*** Begin section ***

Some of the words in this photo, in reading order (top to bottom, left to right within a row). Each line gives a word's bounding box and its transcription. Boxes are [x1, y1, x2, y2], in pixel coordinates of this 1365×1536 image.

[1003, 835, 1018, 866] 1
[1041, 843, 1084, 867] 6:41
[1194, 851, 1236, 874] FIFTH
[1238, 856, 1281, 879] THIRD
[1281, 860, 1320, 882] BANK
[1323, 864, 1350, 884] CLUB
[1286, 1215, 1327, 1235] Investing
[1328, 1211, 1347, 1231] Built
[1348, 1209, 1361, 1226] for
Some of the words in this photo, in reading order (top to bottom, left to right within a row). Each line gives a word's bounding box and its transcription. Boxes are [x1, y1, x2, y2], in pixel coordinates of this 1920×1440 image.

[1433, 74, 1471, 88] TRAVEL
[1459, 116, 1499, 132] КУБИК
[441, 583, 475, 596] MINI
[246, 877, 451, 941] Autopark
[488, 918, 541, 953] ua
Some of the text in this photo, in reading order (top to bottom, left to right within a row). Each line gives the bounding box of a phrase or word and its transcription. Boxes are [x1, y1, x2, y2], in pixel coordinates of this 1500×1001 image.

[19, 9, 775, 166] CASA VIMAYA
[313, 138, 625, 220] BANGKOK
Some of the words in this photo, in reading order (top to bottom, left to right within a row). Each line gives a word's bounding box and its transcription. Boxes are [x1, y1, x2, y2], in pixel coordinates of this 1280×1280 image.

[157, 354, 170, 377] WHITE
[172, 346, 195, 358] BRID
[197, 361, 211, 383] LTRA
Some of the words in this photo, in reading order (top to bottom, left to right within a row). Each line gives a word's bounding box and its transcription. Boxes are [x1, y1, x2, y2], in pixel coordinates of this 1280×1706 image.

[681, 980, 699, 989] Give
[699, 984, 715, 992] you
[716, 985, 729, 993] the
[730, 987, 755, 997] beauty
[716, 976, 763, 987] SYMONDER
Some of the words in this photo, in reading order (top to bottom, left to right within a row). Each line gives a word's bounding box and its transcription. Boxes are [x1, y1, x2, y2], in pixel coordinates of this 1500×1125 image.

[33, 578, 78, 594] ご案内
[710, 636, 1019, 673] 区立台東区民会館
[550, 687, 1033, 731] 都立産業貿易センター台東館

*** End section ***

◆ Problem details: Print out all the entries above exactly.

◆ Answer to this problem:
Some of the words in this photo, in reading order (top to bottom, left to right within a row). Each line gives a word's bounding box and its transcription. Boxes are [x1, y1, x2, y2], in pixel coordinates of this 1365×1536 image.

[1003, 835, 1018, 866] 1
[1041, 843, 1084, 867] 6:41
[1194, 851, 1236, 874] FIFTH
[1238, 856, 1281, 879] THIRD
[1281, 860, 1320, 882] BANK
[1323, 864, 1350, 884] CLUB
[1286, 1215, 1327, 1235] Investing
[1328, 1211, 1347, 1231] Built
[1348, 1209, 1361, 1226] for
Some of the words in this photo, in reading order (top to bottom, left to right within a row). Each line gives a word's bounding box and its transcription. Boxes are [x1, y1, x2, y2], in pixel coordinates of this 1920×1440 image.

[1433, 74, 1471, 88] TRAVEL
[1459, 116, 1499, 132] КУБИК
[441, 583, 475, 596] MINI
[246, 877, 451, 941] Autopark
[488, 918, 541, 953] ua
Some of the text in this photo, in reading order (top to bottom, left to right within a row). Each line gives the bounding box of a phrase or word and its transcription. Boxes are [x1, y1, x2, y2], in pixel coordinates of this 1500×1001 image.

[19, 9, 775, 166] CASA VIMAYA
[313, 138, 625, 220] BANGKOK
Some of the words in this photo, in reading order (top to bottom, left to right within a row). Each line gives a word's bounding box and its transcription. Boxes are [x1, y1, x2, y2], in pixel coordinates of this 1280×1280 image.

[157, 354, 170, 377] WHITE
[172, 346, 195, 358] BRID
[197, 361, 211, 383] LTRA
Some of the words in this photo, in reading order (top to bottom, left to right within a row). Each line gives a word's bounding box and its transcription. Boxes are [x1, y1, x2, y2], in pixel coordinates of this 1280×1706 image.

[681, 980, 699, 989] Give
[699, 984, 715, 992] you
[716, 985, 729, 993] the
[730, 987, 755, 997] beauty
[716, 976, 763, 987] SYMONDER
Some of the words in this photo, in reading order (top to bottom, left to right within a row). Each line gives a word's bounding box and its transcription. Boxes are [x1, y1, x2, y2], in pixel coordinates of this 1500×1125 image.

[33, 578, 78, 594] ご案内
[710, 636, 1019, 673] 区立台東区民会館
[550, 687, 1033, 731] 都立産業貿易センター台東館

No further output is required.